Based on the Yahoo Net Index survey released in July 2011, the internet in Indonesia still ranks second after television in terms of media usage. Eighty-nine per cent of users were connected to social network, 72% used the internet for web browsing, and 61% read the news.

Indonesian Internet service providers (ISPs) offer service on PT Telkom's ADSL network. ADSL customers usually receive two separates bills, one for the ADSL line charges to PT Telkom and another for Internet service charges to the ISP.

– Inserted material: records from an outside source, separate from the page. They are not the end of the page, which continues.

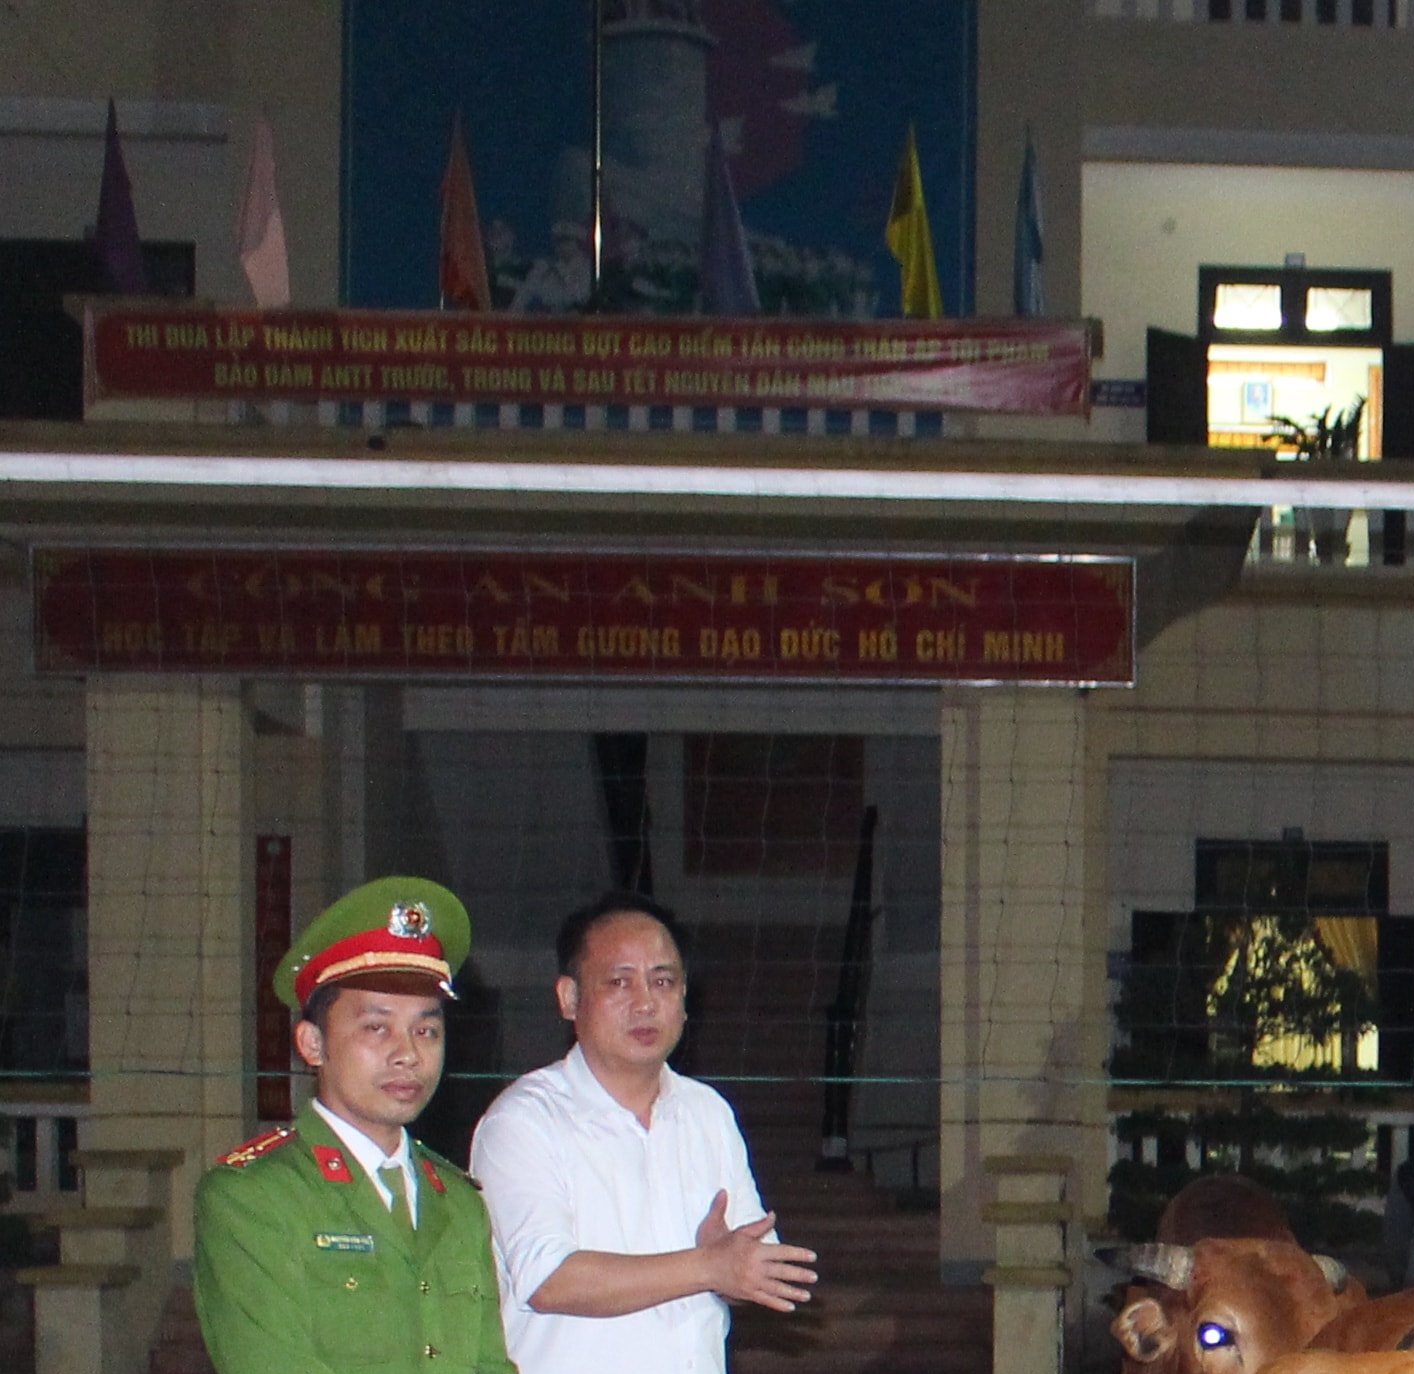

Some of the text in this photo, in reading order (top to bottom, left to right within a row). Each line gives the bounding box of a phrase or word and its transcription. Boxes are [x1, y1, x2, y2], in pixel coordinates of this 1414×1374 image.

[127, 324, 159, 350] THI
[507, 331, 577, 355] TRONG
[629, 333, 671, 356] CAO
[464, 366, 532, 392] TRONG
[573, 369, 616, 395] SAU
[400, 623, 475, 656] THEO
[983, 630, 1065, 664] MINH

== Mobile internet & telecommunications ==

All of the GSM major cellular telecommunication providers offer 3G, 3.5G HSDPA and 4G LTE, which cover cities and countrysides. They include Indosat, Telkomsel, Excelcomindo (XL) and 3. The usage of CDMA EV-DO has been phased out as the last provider, Smartfren, pulled its support in 2017 and converted to LTE-A. In 2016, almost all CDMA providers in Indonesia moved to either GSM or 4G LTE service such as Smartfren.

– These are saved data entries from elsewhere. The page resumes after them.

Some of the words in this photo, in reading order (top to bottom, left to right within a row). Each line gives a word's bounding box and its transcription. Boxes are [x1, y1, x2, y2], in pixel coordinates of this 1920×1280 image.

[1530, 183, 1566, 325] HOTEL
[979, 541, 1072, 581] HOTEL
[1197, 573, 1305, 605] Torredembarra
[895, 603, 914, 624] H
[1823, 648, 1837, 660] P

Due to COVID-19, Indonesia is adapting to digital transformation faster than predicted. The country is one of the striving mobile markets, underpinned by strong economic fundamentals, hence fast developing. With the population of the country, Indonesia is among the biggest market especially for smartphones along with China and India. 4G in Indonesia will continue to be the main network for mobile internet in Indonesia as 3G gradually resides over the years. The country is predicted by GSM Association to launch the new 5G network for commercial usage by 2022 and forecasted to have more than 20 million 5G connections by 2025.

Telkomsel launched 5G on 27 May 2021 in Jakarta and 8 other cities. Indosat have been given a permit to operate 5G networks, and will roll out 5G in four cities in Java and Sulawesi. Smartfren is currently testing mmWave 5G in its office.

==Censorship==

Internet filtering in Indonesia was deemed "substantial" in the social arena, "selective" in the political and internet tools arenas, and there was no evidence of filtering in the conflict/security arena by the OpenNet Initiative in 2011 based on testing done during 2009 and 2010. Testing also showed that Internet filtering in Indonesia is unsystematic and inconsistent, illustrated by the differences found in the level of filtering between ISPs.

==Cyber army==
The Indonesian Defence Ministry has proposed plans for creating a cyber army in order to protect the state's portals and websites. Though no law has been created in order to establish the cyber army, the ministry is seeking talented Internet security specialists who, upon hiring, could be trained in cyber-warfare.

==Domestic domain==

Upon learning that about 80% of local internet traffic went abroad, the government began to encourage Indonesian institutions, business people and the public in general to use domestic domains. In mid-April 2015, there were about 20,000 .id domains and about 47,000 .co.id domains. The government targeted one million domestic domains with funding of Rp 50 billion ($3.85 million). Some users with non-domestic domains also possess domestic domains and redirect searches from its non-domestic domains to domestic domains.